> _What you should do_
The entries below are to be repeated exactly, with the pictures left out.

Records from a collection
———
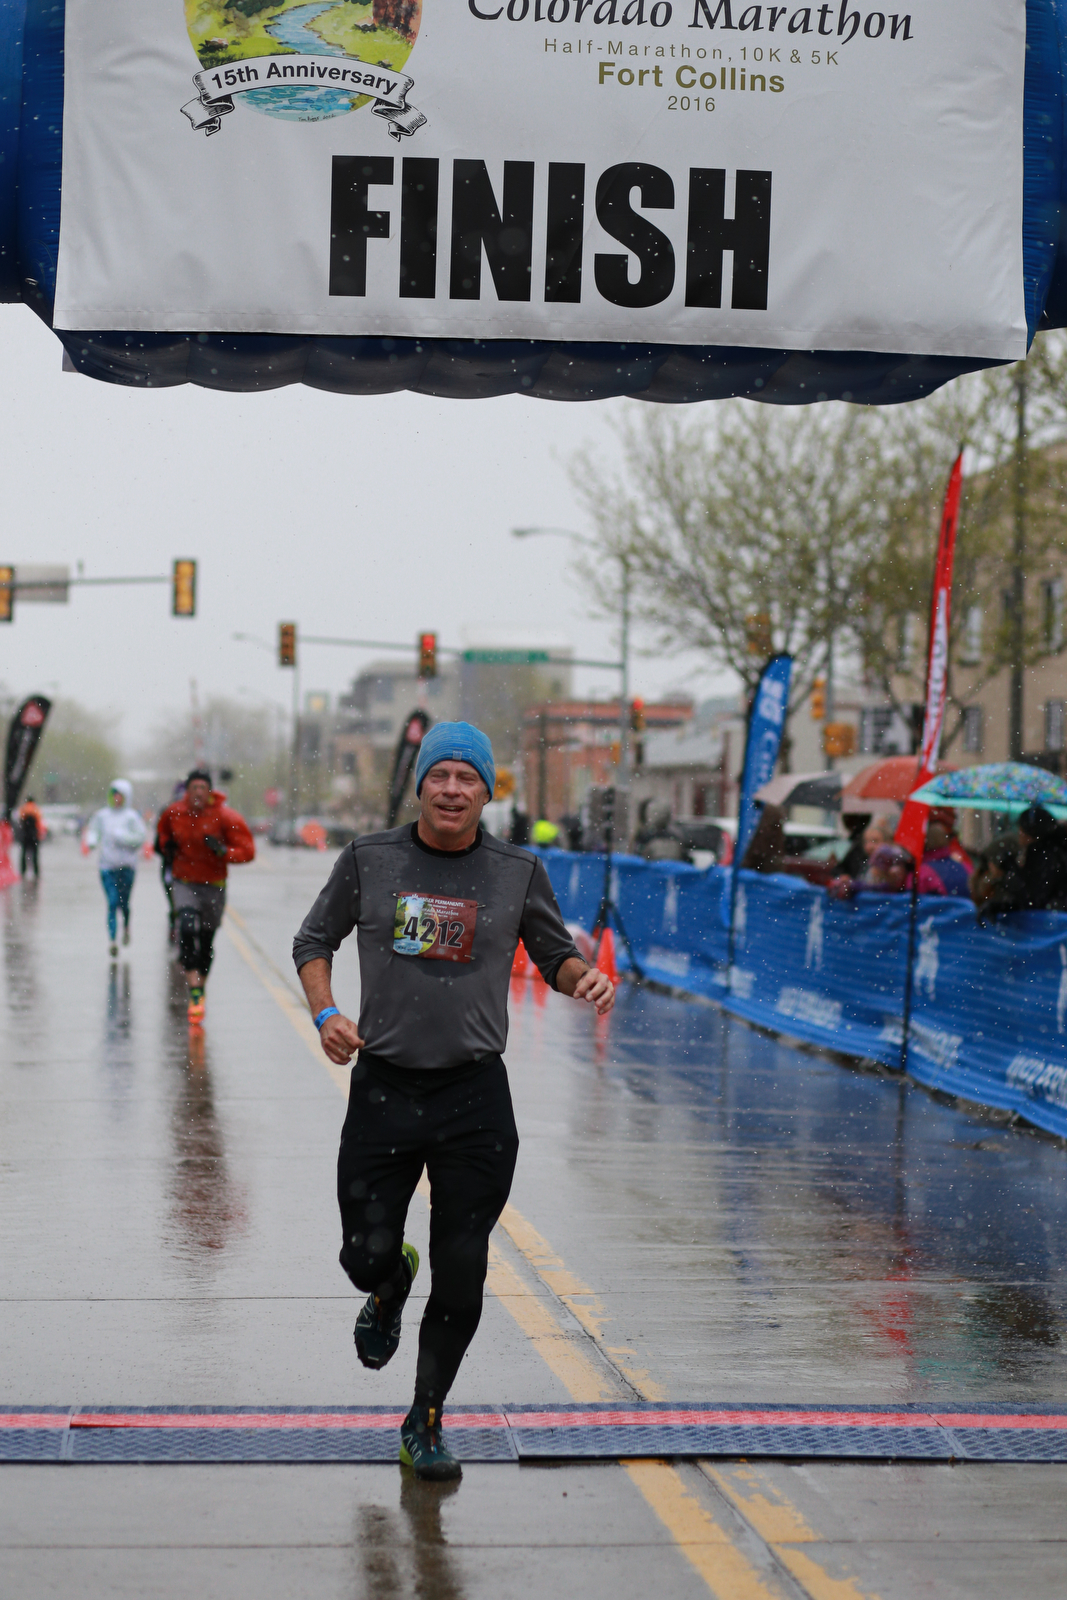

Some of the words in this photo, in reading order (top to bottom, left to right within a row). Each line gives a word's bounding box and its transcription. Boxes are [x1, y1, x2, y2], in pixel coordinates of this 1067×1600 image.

[467, 0, 672, 28] Colorado
[687, 0, 914, 45] Marathon
[740, 46, 782, 63] 10K
[789, 49, 802, 64] &
[810, 50, 839, 66] 5K
[211, 65, 259, 89] 15th
[266, 62, 398, 96] Anniversary
[598, 61, 663, 88] Fort
[675, 65, 785, 93] Collins
[668, 95, 716, 112] 2016
[329, 154, 773, 311] FINISH
[403, 916, 465, 948] 4212
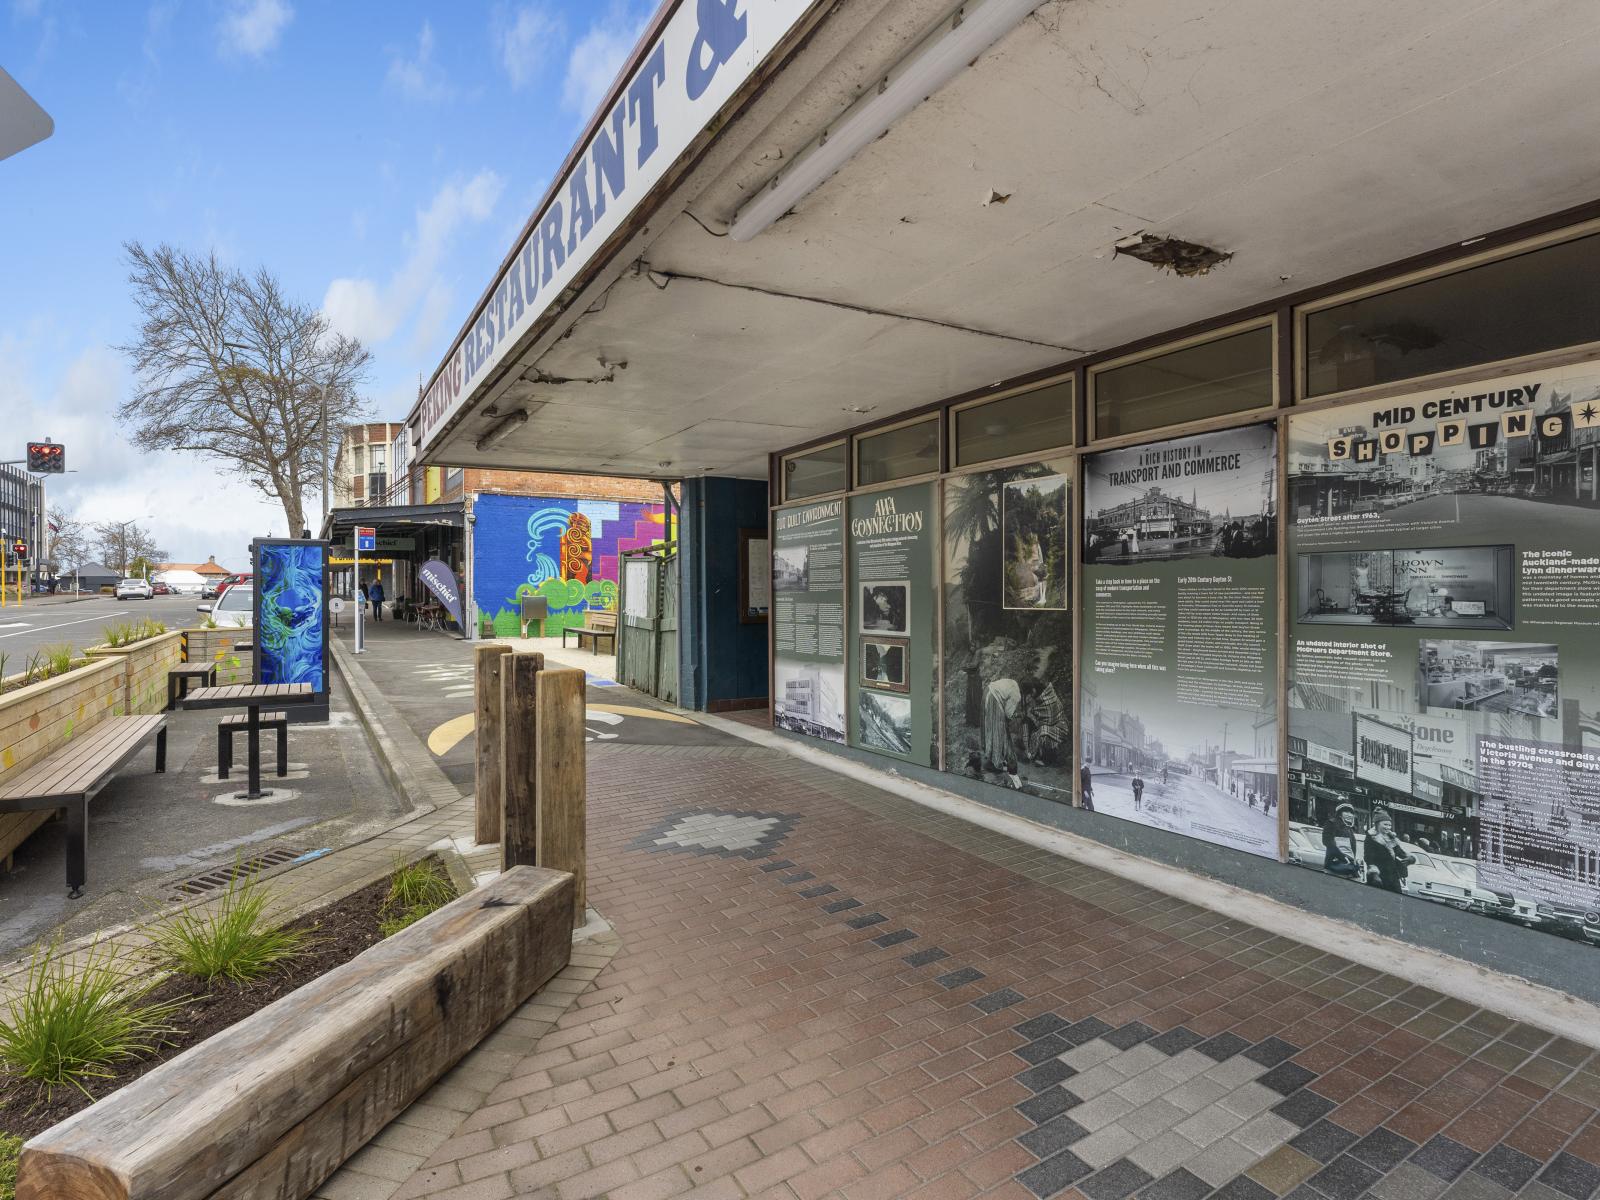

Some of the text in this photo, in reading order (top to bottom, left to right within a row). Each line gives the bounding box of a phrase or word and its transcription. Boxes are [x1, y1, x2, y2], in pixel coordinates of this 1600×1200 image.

[420, 0, 748, 439] PEKING RESTAURANT &
[1373, 383, 1541, 428] MID CENTURY
[1332, 414, 1564, 462] SHOPPING
[1139, 444, 1202, 466] A RICH HISTORY IN
[1109, 453, 1241, 487] TRANSPORT AND COMMERCE
[802, 500, 842, 524] ENVIRONMENT
[875, 496, 896, 517] AWA
[851, 509, 924, 538] CONNECTION
[1522, 557, 1600, 566] Auckland-made
[1542, 549, 1573, 558] iconic
[1522, 567, 1544, 576] Lynn
[421, 568, 458, 604] mischief
[1328, 647, 1369, 656] Department
[1370, 650, 1393, 658] Store.
[1480, 740, 1595, 761] The bustling crossroads
[1480, 748, 1517, 759] Victoria
[1519, 753, 1554, 764] Avenue
[1555, 759, 1574, 767] and
[1490, 758, 1506, 766] the
[1507, 760, 1534, 770] 1970s
———
> _Written solution_
Some of the words in this photo, in reading order (top to bottom, left to right within a row). Each line gives a word's bounding box and its transcription. Boxes are [x1, y1, x2, y2], in pixel coordinates of this 1067×1600 image.

[467, 0, 672, 28] Colorado
[687, 0, 914, 45] Marathon
[740, 46, 782, 63] 10K
[789, 49, 802, 64] &
[810, 50, 839, 66] 5K
[211, 65, 259, 89] 15th
[266, 62, 398, 96] Anniversary
[598, 61, 663, 88] Fort
[675, 65, 785, 93] Collins
[668, 95, 716, 112] 2016
[329, 154, 773, 311] FINISH
[403, 916, 465, 948] 4212

Some of the text in this photo, in reading order (top to bottom, left to right within a row). Each line gives the bounding box of a phrase or word and its transcription. Boxes are [x1, y1, x2, y2], in pixel coordinates of this 1600×1200 image.

[420, 0, 748, 439] PEKING RESTAURANT &
[1373, 383, 1541, 428] MID CENTURY
[1332, 414, 1564, 462] SHOPPING
[1139, 444, 1202, 466] A RICH HISTORY IN
[1109, 453, 1241, 487] TRANSPORT AND COMMERCE
[802, 500, 842, 524] ENVIRONMENT
[875, 496, 896, 517] AWA
[851, 509, 924, 538] CONNECTION
[1522, 557, 1600, 566] Auckland-made
[1542, 549, 1573, 558] iconic
[1522, 567, 1544, 576] Lynn
[421, 568, 458, 604] mischief
[1328, 647, 1369, 656] Department
[1370, 650, 1393, 658] Store.
[1480, 740, 1595, 761] The bustling crossroads
[1480, 748, 1517, 759] Victoria
[1519, 753, 1554, 764] Avenue
[1555, 759, 1574, 767] and
[1490, 758, 1506, 766] the
[1507, 760, 1534, 770] 1970s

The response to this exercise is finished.